Given entries:
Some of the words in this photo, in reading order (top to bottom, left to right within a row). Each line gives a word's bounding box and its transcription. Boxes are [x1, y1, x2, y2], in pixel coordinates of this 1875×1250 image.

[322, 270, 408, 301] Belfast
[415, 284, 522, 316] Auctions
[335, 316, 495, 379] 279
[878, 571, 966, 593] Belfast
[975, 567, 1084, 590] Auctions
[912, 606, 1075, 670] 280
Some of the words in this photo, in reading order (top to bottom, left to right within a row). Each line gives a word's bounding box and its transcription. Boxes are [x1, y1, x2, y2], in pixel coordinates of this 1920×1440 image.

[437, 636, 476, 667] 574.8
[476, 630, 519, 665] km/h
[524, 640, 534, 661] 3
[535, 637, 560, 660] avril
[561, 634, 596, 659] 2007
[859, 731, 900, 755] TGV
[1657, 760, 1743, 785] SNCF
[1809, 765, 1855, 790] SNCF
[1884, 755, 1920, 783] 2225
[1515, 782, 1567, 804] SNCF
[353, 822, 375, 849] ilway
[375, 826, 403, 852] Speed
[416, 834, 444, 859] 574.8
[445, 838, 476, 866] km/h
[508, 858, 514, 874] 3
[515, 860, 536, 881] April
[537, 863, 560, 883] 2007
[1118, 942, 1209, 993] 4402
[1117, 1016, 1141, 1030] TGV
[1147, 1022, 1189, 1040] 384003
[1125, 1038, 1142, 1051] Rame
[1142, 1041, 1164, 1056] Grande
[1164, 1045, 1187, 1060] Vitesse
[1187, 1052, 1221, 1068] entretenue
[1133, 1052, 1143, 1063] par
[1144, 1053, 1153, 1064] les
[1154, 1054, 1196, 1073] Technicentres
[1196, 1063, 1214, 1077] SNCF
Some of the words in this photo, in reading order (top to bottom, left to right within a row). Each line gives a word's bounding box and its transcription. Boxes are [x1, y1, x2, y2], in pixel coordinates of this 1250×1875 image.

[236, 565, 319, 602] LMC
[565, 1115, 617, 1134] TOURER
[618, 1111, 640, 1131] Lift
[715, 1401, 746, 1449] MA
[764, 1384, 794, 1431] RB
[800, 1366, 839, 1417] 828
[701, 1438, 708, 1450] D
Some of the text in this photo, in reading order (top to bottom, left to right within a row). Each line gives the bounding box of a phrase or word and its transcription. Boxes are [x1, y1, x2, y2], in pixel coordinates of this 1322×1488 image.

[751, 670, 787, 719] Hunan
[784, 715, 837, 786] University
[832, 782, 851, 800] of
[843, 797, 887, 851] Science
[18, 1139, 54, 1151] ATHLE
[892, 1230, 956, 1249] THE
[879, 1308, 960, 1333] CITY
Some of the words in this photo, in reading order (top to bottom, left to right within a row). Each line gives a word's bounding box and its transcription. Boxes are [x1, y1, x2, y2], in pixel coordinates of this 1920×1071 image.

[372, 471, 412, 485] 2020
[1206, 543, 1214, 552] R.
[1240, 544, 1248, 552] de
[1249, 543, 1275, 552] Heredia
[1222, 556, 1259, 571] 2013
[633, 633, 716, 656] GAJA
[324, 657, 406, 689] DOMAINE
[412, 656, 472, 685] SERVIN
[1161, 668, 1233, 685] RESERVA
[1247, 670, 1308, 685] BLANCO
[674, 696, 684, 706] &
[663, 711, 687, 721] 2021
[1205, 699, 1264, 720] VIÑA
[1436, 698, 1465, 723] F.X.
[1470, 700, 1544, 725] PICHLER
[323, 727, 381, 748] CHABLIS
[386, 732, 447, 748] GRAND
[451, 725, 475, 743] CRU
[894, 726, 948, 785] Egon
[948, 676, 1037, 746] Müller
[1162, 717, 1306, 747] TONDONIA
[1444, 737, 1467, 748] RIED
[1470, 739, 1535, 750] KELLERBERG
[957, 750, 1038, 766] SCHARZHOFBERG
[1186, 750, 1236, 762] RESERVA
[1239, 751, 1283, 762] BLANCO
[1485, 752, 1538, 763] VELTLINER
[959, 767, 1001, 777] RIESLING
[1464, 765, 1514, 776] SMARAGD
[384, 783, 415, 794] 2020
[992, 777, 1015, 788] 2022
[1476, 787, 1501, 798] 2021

To do:
Please return every line of the data, unaltered.

Output for this task:
Some of the words in this photo, in reading order (top to bottom, left to right within a row). Each line gives a word's bounding box and its transcription. Boxes are [x1, y1, x2, y2], in pixel coordinates of this 1875×1250 image.

[322, 270, 408, 301] Belfast
[415, 284, 522, 316] Auctions
[335, 316, 495, 379] 279
[878, 571, 966, 593] Belfast
[975, 567, 1084, 590] Auctions
[912, 606, 1075, 670] 280
Some of the words in this photo, in reading order (top to bottom, left to right within a row). Each line gives a word's bounding box and its transcription. Boxes are [x1, y1, x2, y2], in pixel coordinates of this 1920×1440 image.

[437, 636, 476, 667] 574.8
[476, 630, 519, 665] km/h
[524, 640, 534, 661] 3
[535, 637, 560, 660] avril
[561, 634, 596, 659] 2007
[859, 731, 900, 755] TGV
[1657, 760, 1743, 785] SNCF
[1809, 765, 1855, 790] SNCF
[1884, 755, 1920, 783] 2225
[1515, 782, 1567, 804] SNCF
[353, 822, 375, 849] ilway
[375, 826, 403, 852] Speed
[416, 834, 444, 859] 574.8
[445, 838, 476, 866] km/h
[508, 858, 514, 874] 3
[515, 860, 536, 881] April
[537, 863, 560, 883] 2007
[1118, 942, 1209, 993] 4402
[1117, 1016, 1141, 1030] TGV
[1147, 1022, 1189, 1040] 384003
[1125, 1038, 1142, 1051] Rame
[1142, 1041, 1164, 1056] Grande
[1164, 1045, 1187, 1060] Vitesse
[1187, 1052, 1221, 1068] entretenue
[1133, 1052, 1143, 1063] par
[1144, 1053, 1153, 1064] les
[1154, 1054, 1196, 1073] Technicentres
[1196, 1063, 1214, 1077] SNCF
Some of the words in this photo, in reading order (top to bottom, left to right within a row). Each line gives a word's bounding box and its transcription. Boxes are [x1, y1, x2, y2], in pixel coordinates of this 1250×1875 image.

[236, 565, 319, 602] LMC
[565, 1115, 617, 1134] TOURER
[618, 1111, 640, 1131] Lift
[715, 1401, 746, 1449] MA
[764, 1384, 794, 1431] RB
[800, 1366, 839, 1417] 828
[701, 1438, 708, 1450] D
Some of the text in this photo, in reading order (top to bottom, left to right within a row). Each line gives the bounding box of a phrase or word and its transcription. Boxes are [x1, y1, x2, y2], in pixel coordinates of this 1322×1488 image.

[751, 670, 787, 719] Hunan
[784, 715, 837, 786] University
[832, 782, 851, 800] of
[843, 797, 887, 851] Science
[18, 1139, 54, 1151] ATHLE
[892, 1230, 956, 1249] THE
[879, 1308, 960, 1333] CITY
Some of the words in this photo, in reading order (top to bottom, left to right within a row). Each line gives a word's bounding box and its transcription. Boxes are [x1, y1, x2, y2], in pixel coordinates of this 1920×1071 image.

[372, 471, 412, 485] 2020
[1206, 543, 1214, 552] R.
[1240, 544, 1248, 552] de
[1249, 543, 1275, 552] Heredia
[1222, 556, 1259, 571] 2013
[633, 633, 716, 656] GAJA
[324, 657, 406, 689] DOMAINE
[412, 656, 472, 685] SERVIN
[1161, 668, 1233, 685] RESERVA
[1247, 670, 1308, 685] BLANCO
[674, 696, 684, 706] &
[663, 711, 687, 721] 2021
[1205, 699, 1264, 720] VIÑA
[1436, 698, 1465, 723] F.X.
[1470, 700, 1544, 725] PICHLER
[323, 727, 381, 748] CHABLIS
[386, 732, 447, 748] GRAND
[451, 725, 475, 743] CRU
[894, 726, 948, 785] Egon
[948, 676, 1037, 746] Müller
[1162, 717, 1306, 747] TONDONIA
[1444, 737, 1467, 748] RIED
[1470, 739, 1535, 750] KELLERBERG
[957, 750, 1038, 766] SCHARZHOFBERG
[1186, 750, 1236, 762] RESERVA
[1239, 751, 1283, 762] BLANCO
[1485, 752, 1538, 763] VELTLINER
[959, 767, 1001, 777] RIESLING
[1464, 765, 1514, 776] SMARAGD
[384, 783, 415, 794] 2020
[992, 777, 1015, 788] 2022
[1476, 787, 1501, 798] 2021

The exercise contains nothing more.